§ **Dataset records**
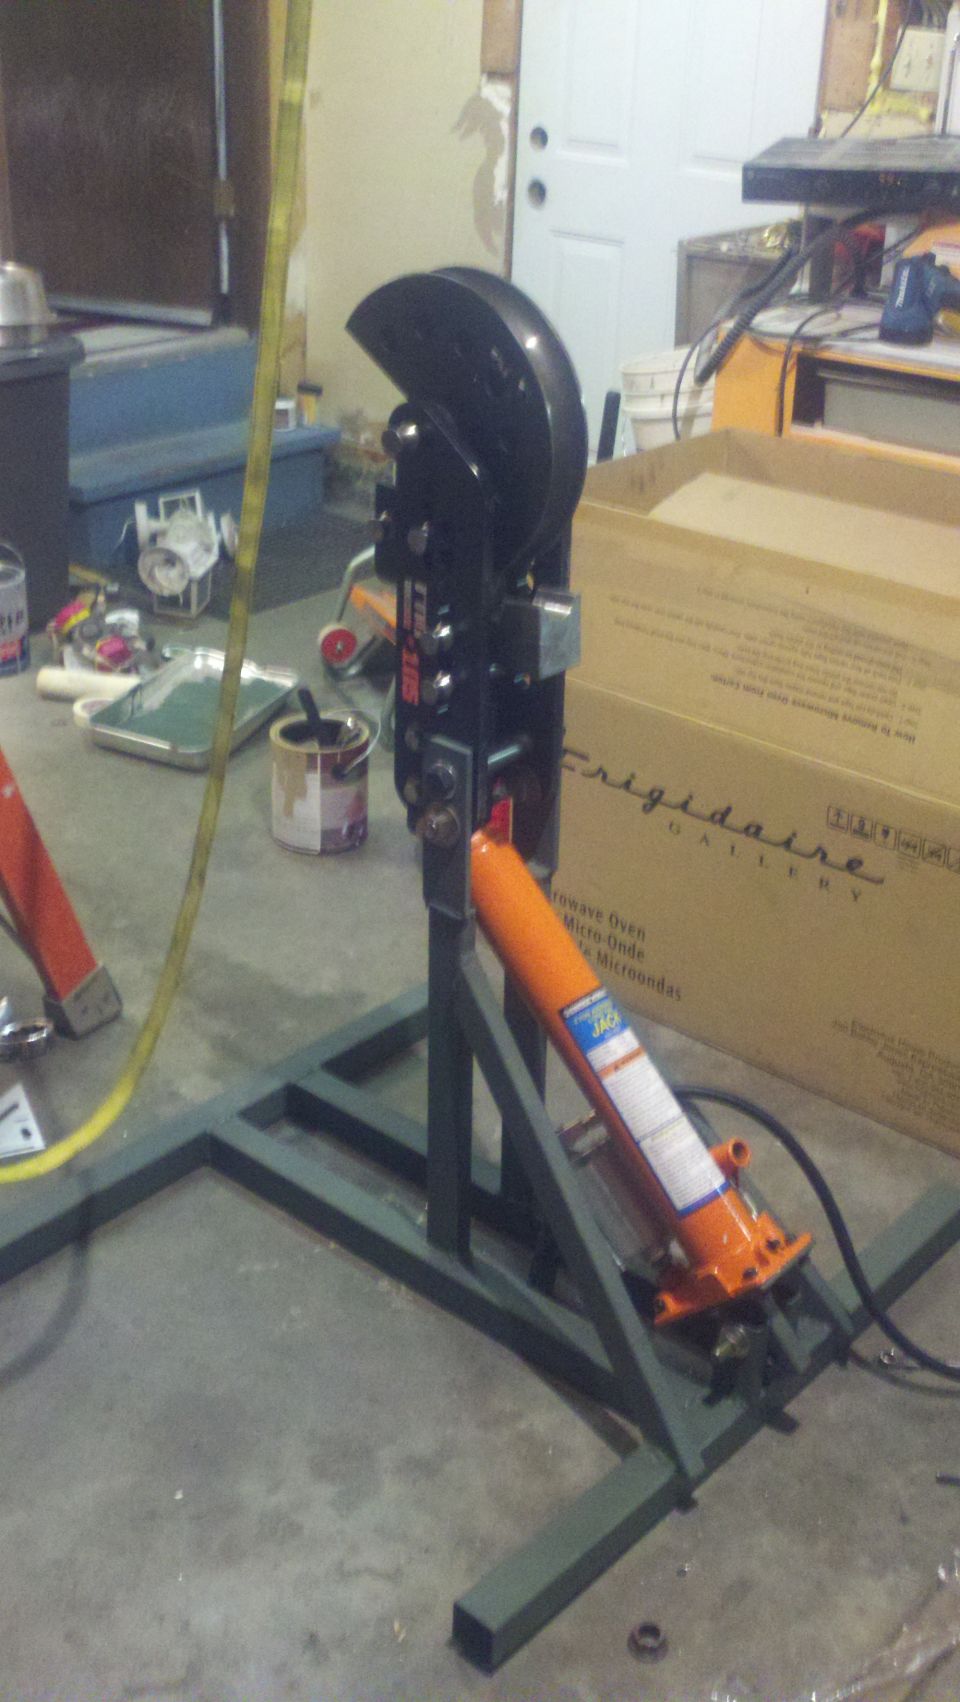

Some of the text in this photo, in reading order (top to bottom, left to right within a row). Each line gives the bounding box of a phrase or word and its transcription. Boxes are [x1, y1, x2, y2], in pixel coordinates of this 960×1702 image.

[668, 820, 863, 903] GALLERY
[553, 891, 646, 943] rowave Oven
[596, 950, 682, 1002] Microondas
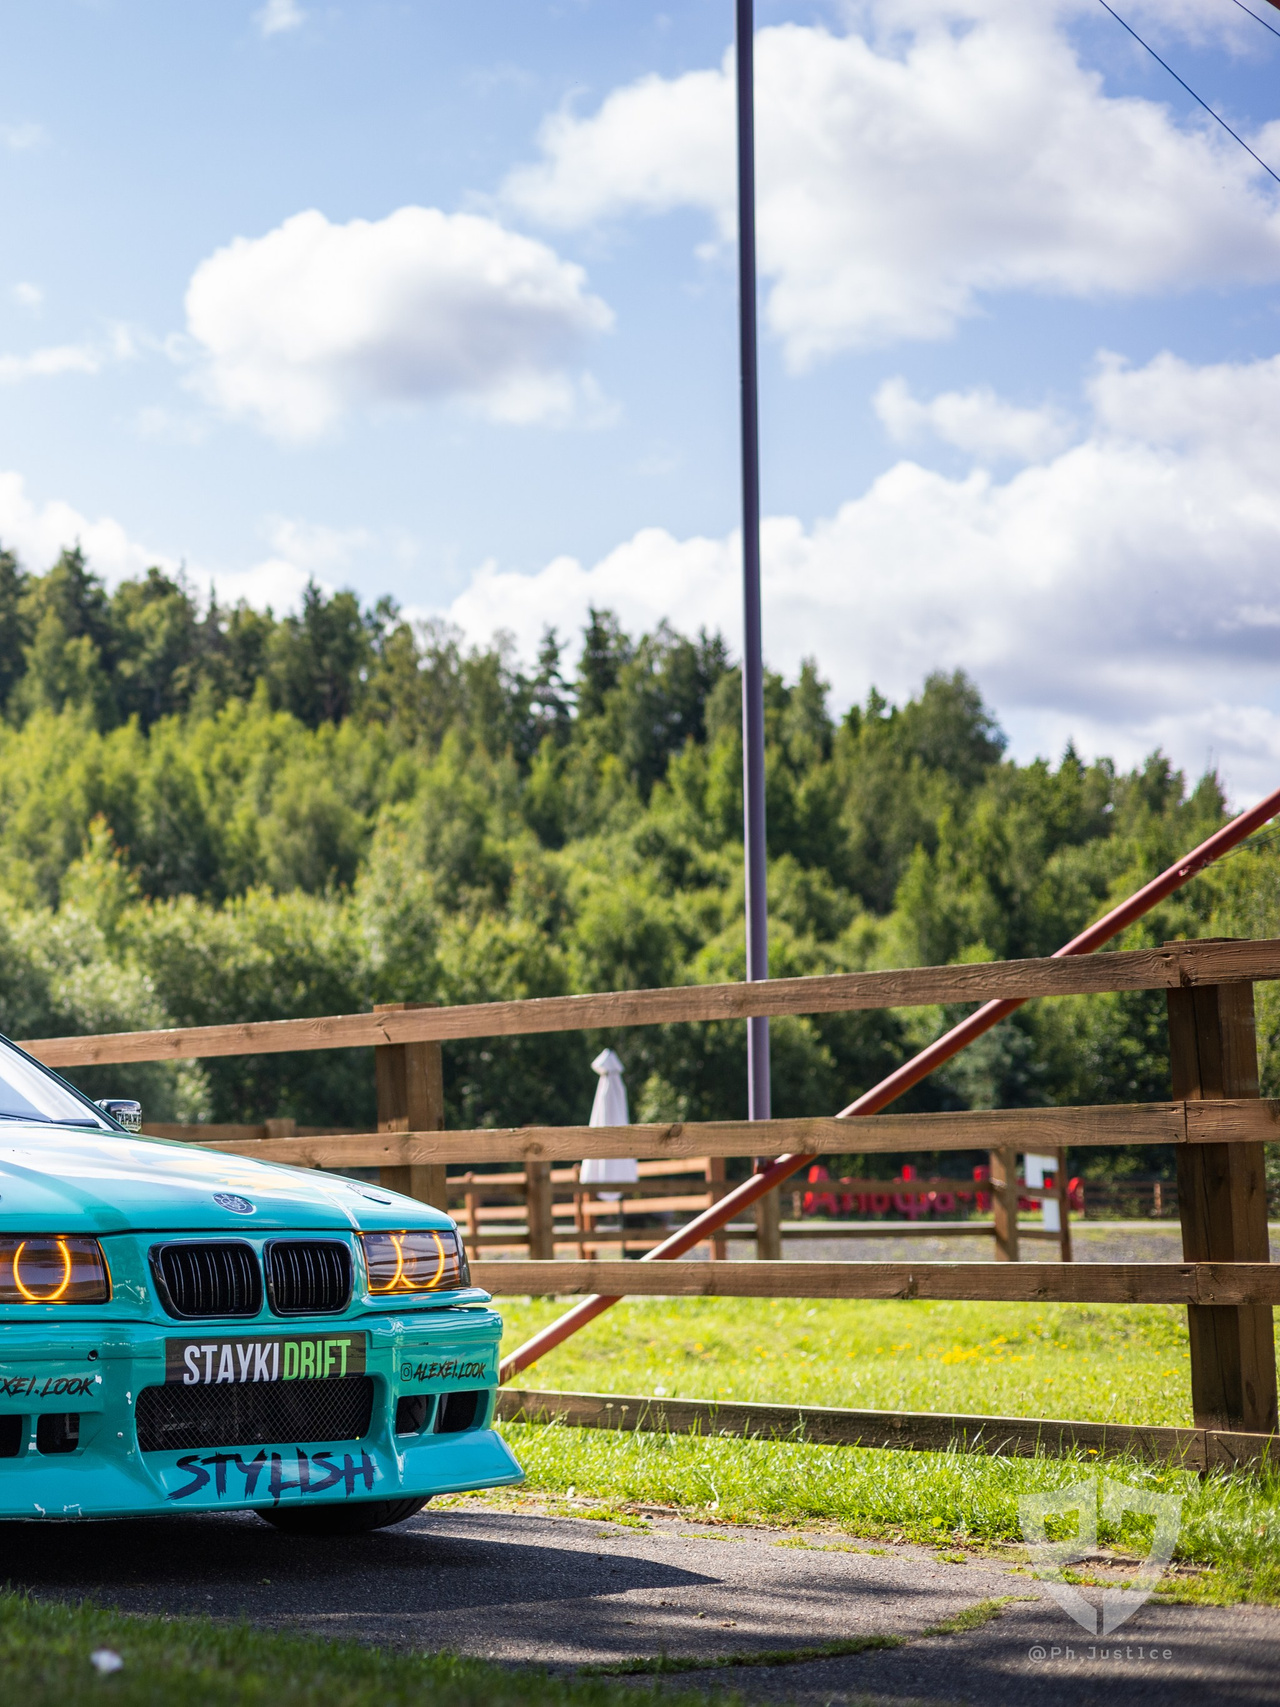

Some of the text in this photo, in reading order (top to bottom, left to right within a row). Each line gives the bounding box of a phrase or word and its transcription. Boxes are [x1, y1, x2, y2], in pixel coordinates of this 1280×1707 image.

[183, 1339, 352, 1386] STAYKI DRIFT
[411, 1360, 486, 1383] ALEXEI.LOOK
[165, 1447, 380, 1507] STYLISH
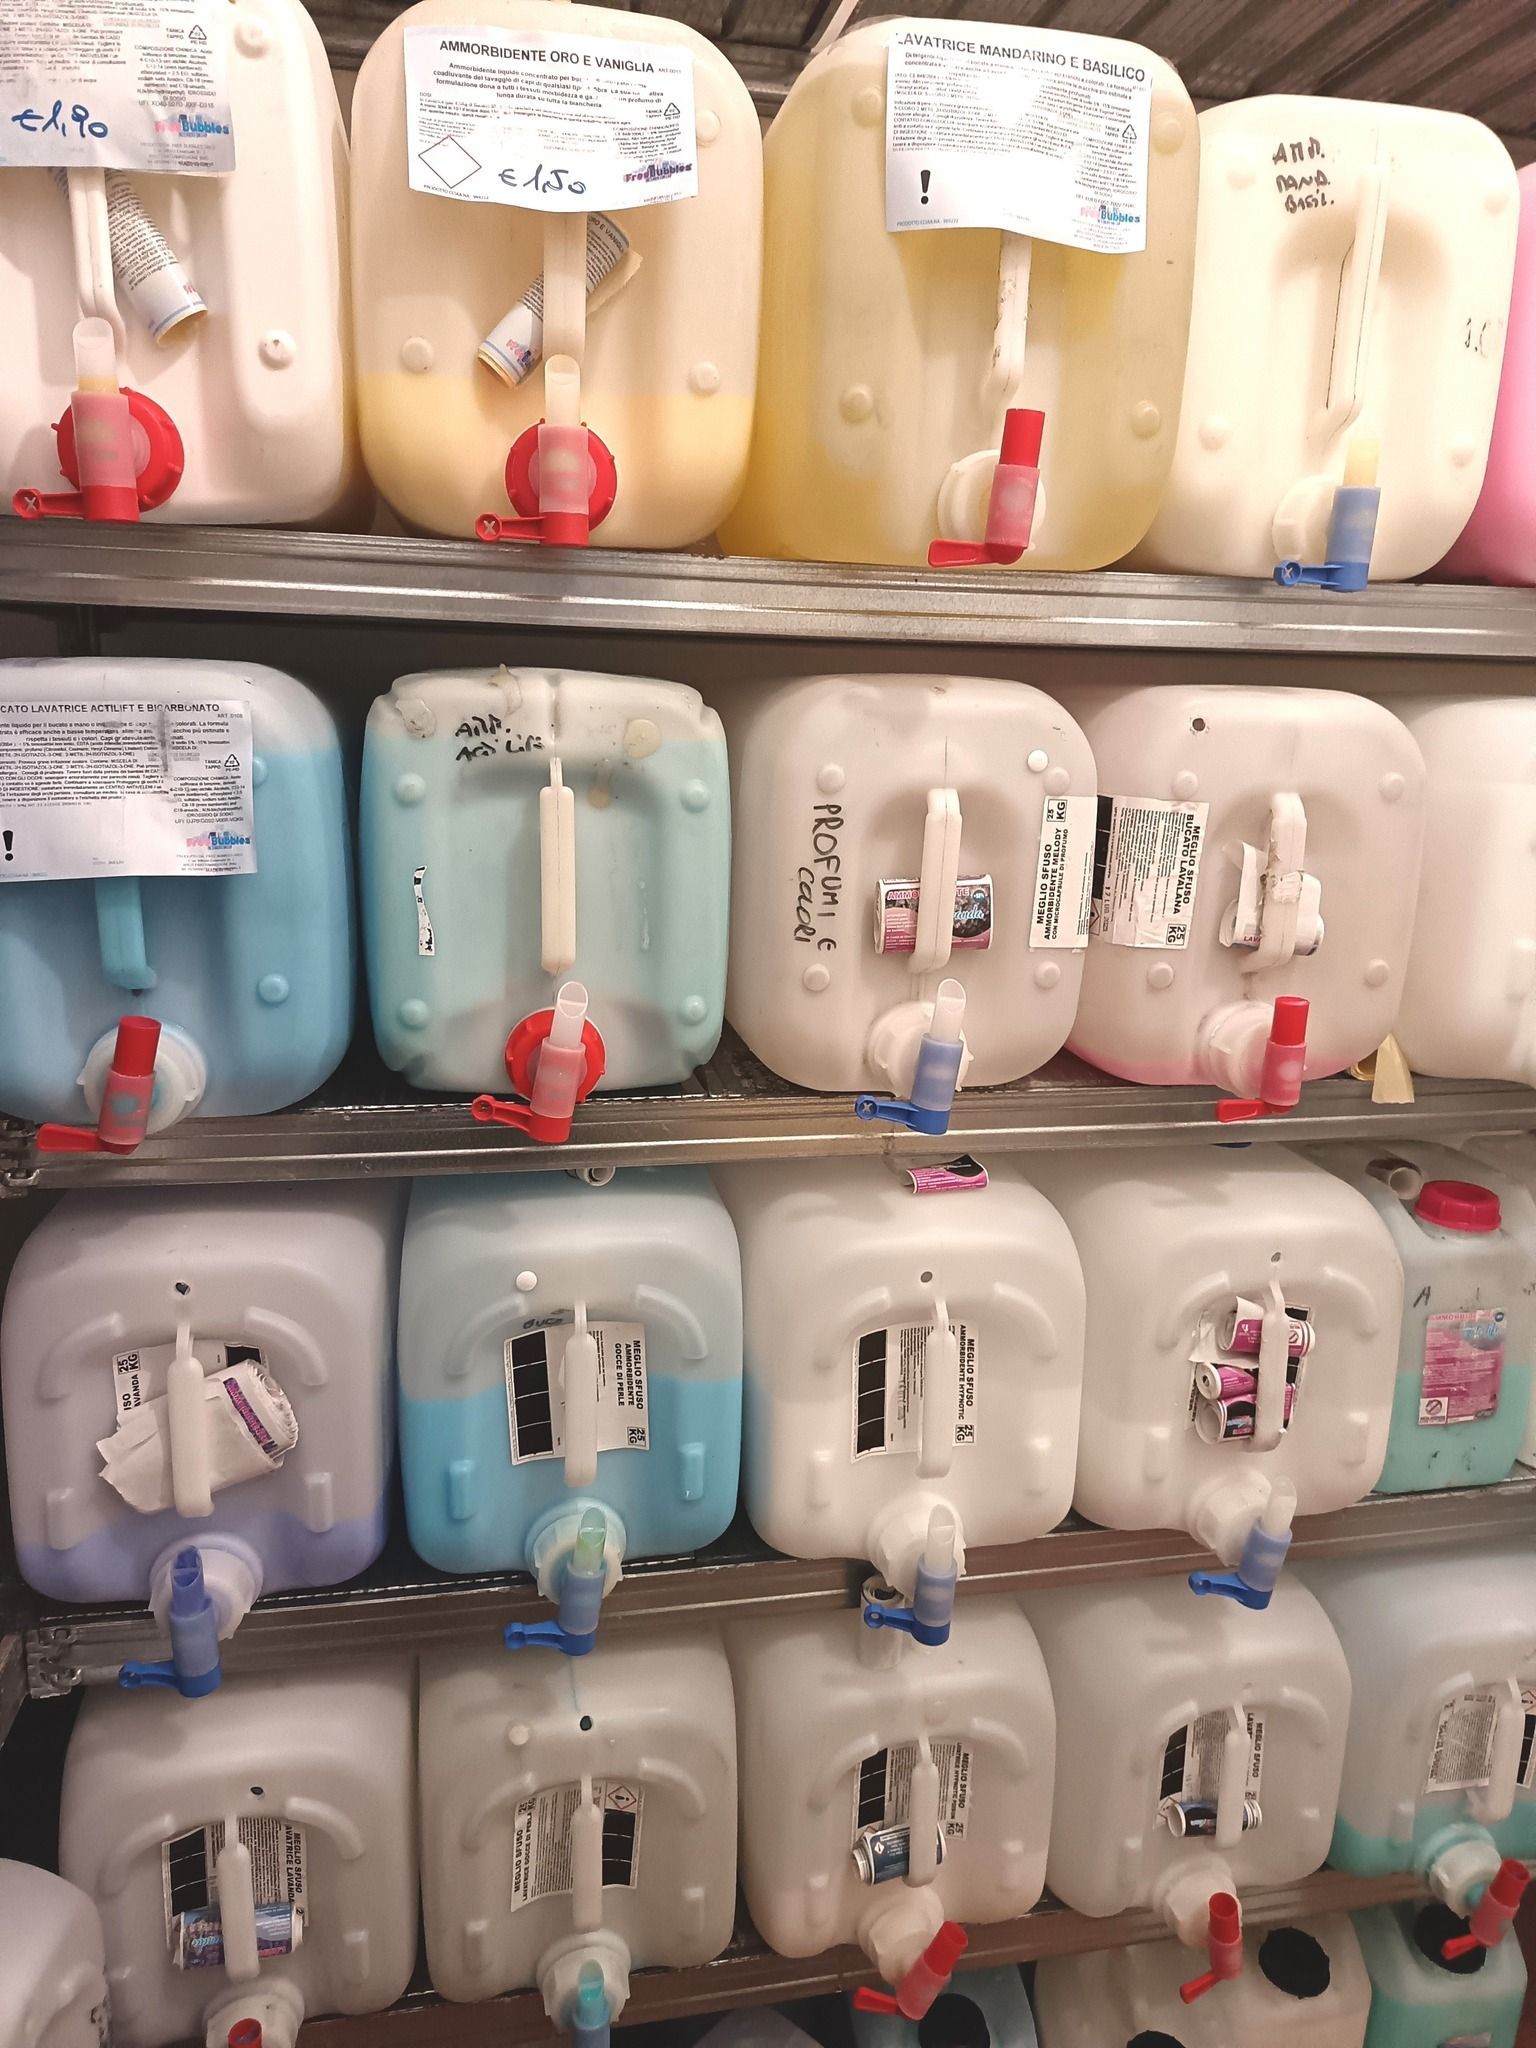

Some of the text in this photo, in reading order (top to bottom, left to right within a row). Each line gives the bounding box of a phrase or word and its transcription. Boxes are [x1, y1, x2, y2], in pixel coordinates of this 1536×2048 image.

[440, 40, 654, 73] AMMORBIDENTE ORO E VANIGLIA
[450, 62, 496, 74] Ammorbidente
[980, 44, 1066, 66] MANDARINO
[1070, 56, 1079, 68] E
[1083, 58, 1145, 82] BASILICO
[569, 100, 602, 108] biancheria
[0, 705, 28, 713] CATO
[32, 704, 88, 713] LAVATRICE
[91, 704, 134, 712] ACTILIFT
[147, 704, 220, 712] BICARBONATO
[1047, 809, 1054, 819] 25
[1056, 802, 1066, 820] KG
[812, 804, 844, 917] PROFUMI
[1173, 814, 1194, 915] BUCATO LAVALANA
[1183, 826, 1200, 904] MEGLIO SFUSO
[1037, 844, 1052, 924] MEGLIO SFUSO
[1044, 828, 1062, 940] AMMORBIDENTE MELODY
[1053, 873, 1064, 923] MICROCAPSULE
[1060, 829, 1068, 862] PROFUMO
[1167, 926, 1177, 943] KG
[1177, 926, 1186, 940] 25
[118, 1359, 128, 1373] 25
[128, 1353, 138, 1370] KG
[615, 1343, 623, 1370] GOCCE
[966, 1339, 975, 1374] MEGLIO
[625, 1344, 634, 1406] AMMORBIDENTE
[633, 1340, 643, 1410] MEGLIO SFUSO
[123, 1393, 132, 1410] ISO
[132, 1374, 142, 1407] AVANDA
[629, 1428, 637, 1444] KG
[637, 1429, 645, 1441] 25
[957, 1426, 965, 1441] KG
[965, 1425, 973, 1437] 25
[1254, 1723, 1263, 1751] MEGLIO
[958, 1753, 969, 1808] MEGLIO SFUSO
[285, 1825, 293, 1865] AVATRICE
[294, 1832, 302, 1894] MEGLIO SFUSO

§ **What the exercise asks**
Where an entry includes an image, skip the image and return everything else exactly.

§ **Solution below**
Some of the text in this photo, in reading order (top to bottom, left to right within a row). Each line gives the bounding box of a phrase or word and its transcription. Boxes are [x1, y1, x2, y2], in pixel coordinates of this 960×1702 image.

[668, 820, 863, 903] GALLERY
[553, 891, 646, 943] rowave Oven
[596, 950, 682, 1002] Microondas

Some of the text in this photo, in reading order (top to bottom, left to right within a row). Each line gives the bounding box of a phrase or word and its transcription. Boxes are [x1, y1, x2, y2], in pixel coordinates of this 1280×1707 image.

[183, 1339, 352, 1386] STAYKI DRIFT
[411, 1360, 486, 1383] ALEXEI.LOOK
[165, 1447, 380, 1507] STYLISH

Some of the text in this photo, in reading order (top to bottom, left to right within a row). Each line gives the bounding box of a phrase or word and its transcription. Boxes are [x1, y1, x2, y2], in pixel coordinates of this 1536×2048 image.

[440, 40, 654, 73] AMMORBIDENTE ORO E VANIGLIA
[450, 62, 496, 74] Ammorbidente
[980, 44, 1066, 66] MANDARINO
[1070, 56, 1079, 68] E
[1083, 58, 1145, 82] BASILICO
[569, 100, 602, 108] biancheria
[0, 705, 28, 713] CATO
[32, 704, 88, 713] LAVATRICE
[91, 704, 134, 712] ACTILIFT
[147, 704, 220, 712] BICARBONATO
[1047, 809, 1054, 819] 25
[1056, 802, 1066, 820] KG
[812, 804, 844, 917] PROFUMI
[1173, 814, 1194, 915] BUCATO LAVALANA
[1183, 826, 1200, 904] MEGLIO SFUSO
[1037, 844, 1052, 924] MEGLIO SFUSO
[1044, 828, 1062, 940] AMMORBIDENTE MELODY
[1053, 873, 1064, 923] MICROCAPSULE
[1060, 829, 1068, 862] PROFUMO
[1167, 926, 1177, 943] KG
[1177, 926, 1186, 940] 25
[118, 1359, 128, 1373] 25
[128, 1353, 138, 1370] KG
[615, 1343, 623, 1370] GOCCE
[966, 1339, 975, 1374] MEGLIO
[625, 1344, 634, 1406] AMMORBIDENTE
[633, 1340, 643, 1410] MEGLIO SFUSO
[123, 1393, 132, 1410] ISO
[132, 1374, 142, 1407] AVANDA
[629, 1428, 637, 1444] KG
[637, 1429, 645, 1441] 25
[957, 1426, 965, 1441] KG
[965, 1425, 973, 1437] 25
[1254, 1723, 1263, 1751] MEGLIO
[958, 1753, 969, 1808] MEGLIO SFUSO
[285, 1825, 293, 1865] AVATRICE
[294, 1832, 302, 1894] MEGLIO SFUSO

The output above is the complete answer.